Mañana, 27-7-20, cumpliré cuatro años estudiando la lengua sueca. Es para mí una grata efemérides personal de la que me autocongratulo con la expresión sueca «Grattis!» (¡felicidades!). Y llego a este hito con mi objetivo en líneas generales cumplido: alcancé el nivel C-1 (debo certificarlo tan pronto pase la pandemia) y mi diccionario sueco-español (de confección propia) ya alcanza las 9.806 entradas…Esto es: muy cerca de las 10.000 que me propuse (inicialmente eran 8.000 pero siento debilidad por las cifras redondas y al final puse la meta más alta).
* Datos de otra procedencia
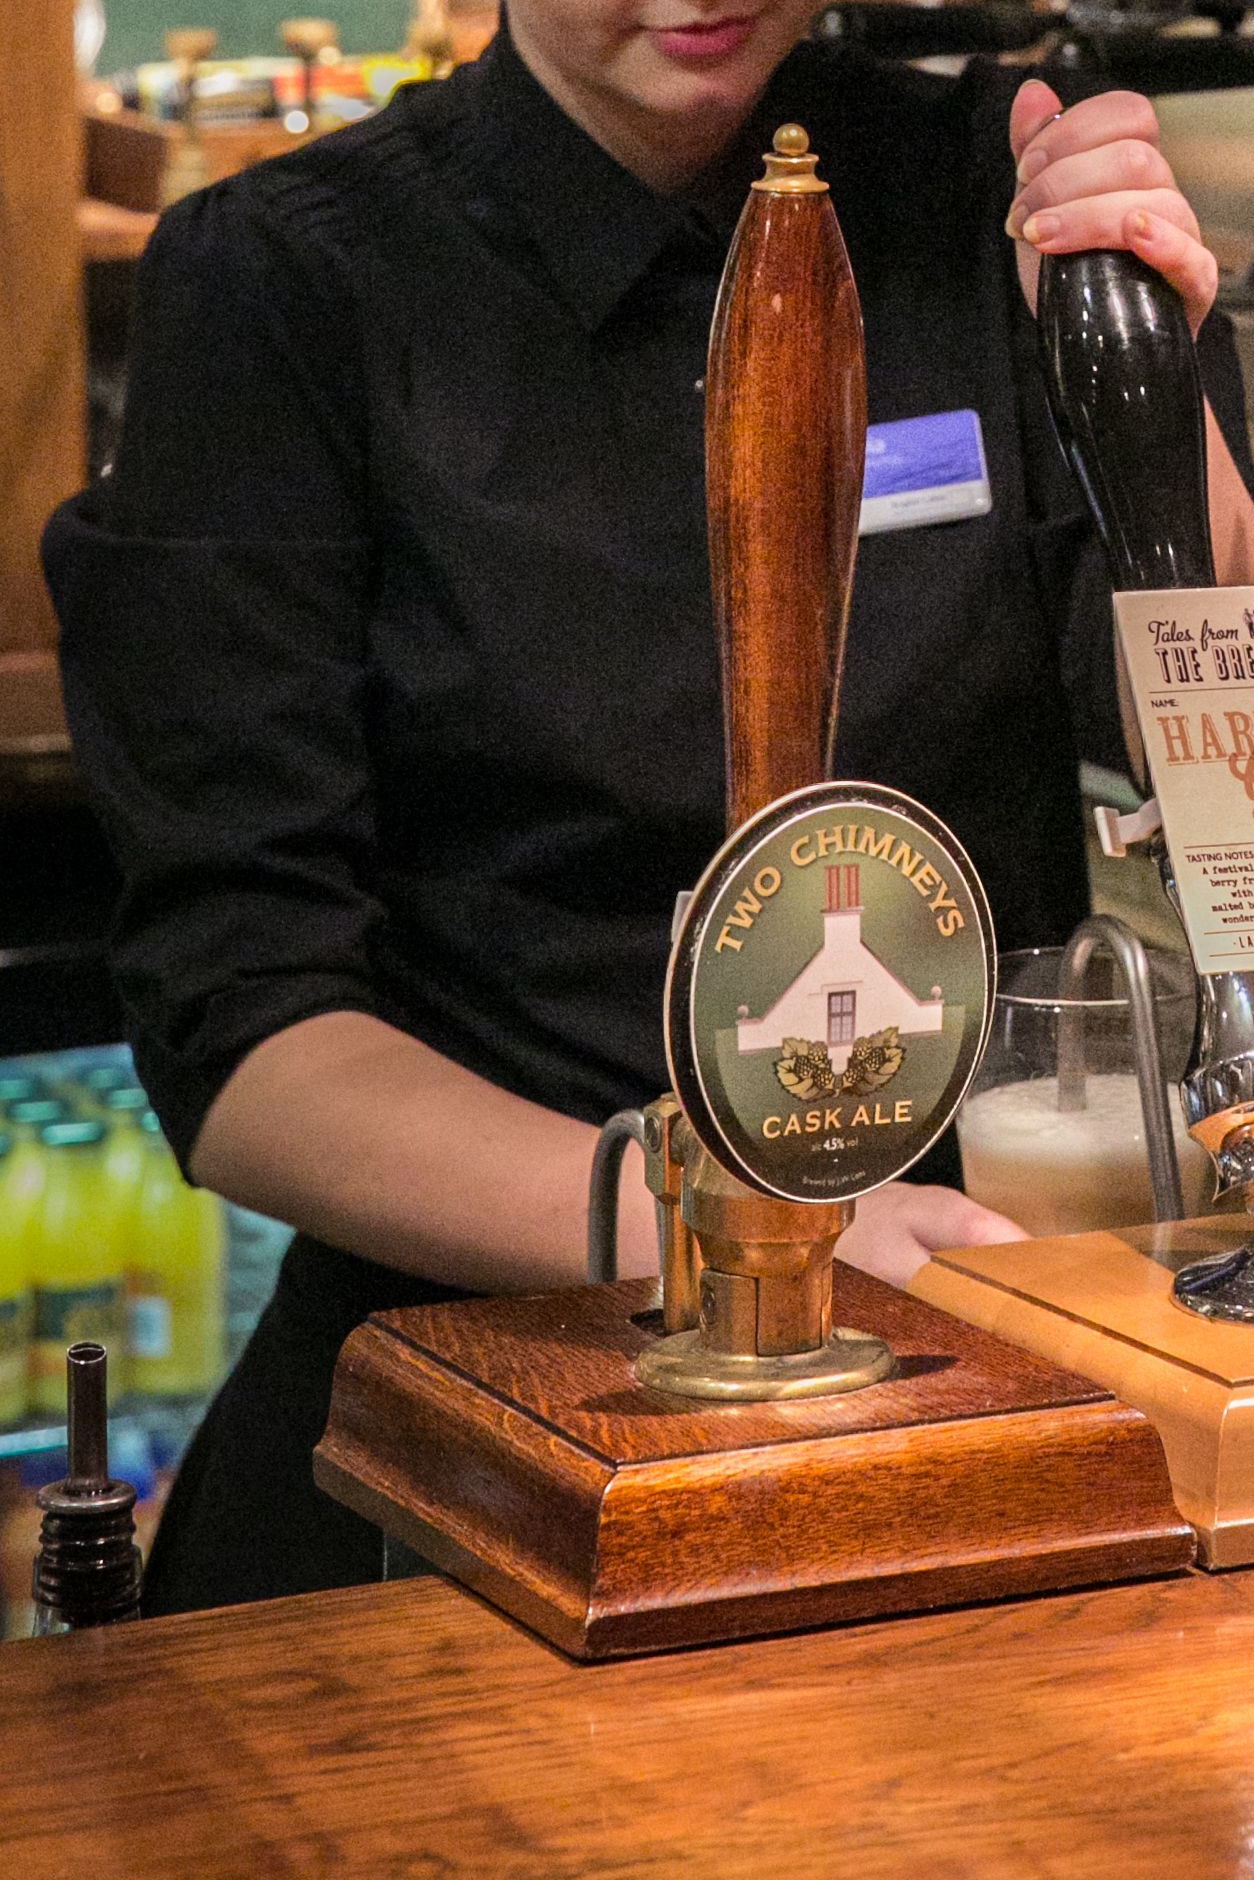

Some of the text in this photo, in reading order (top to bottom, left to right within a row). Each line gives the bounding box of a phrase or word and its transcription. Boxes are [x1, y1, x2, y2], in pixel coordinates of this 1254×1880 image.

Aprender sueco me ha ensanchado la mente. Me ha ayudado a entender una parte de la mentalidad escandinava. Y me deja a las puertas de poder moverme con soltura en aquel país, si bien mi nivel de comprensión auditiva es todavía bajo. Me falta esa inmersión de (conociendo mi velocidad de aprendizaje) al menos dos meses que me daría una plena soltura. Un verano o algo así. Pero bien rodeado de autóctonos solícitos que no se pasen al inglés ante las primeras de cambio.
(Todo se andará. Ahora es momento de celebración y de preparación de mi desembarco en el danés. Es la lengua de Soren Kierkegaard que Miguel de Unamuno aprendió para entender el pensamiento profundo del pensador danés).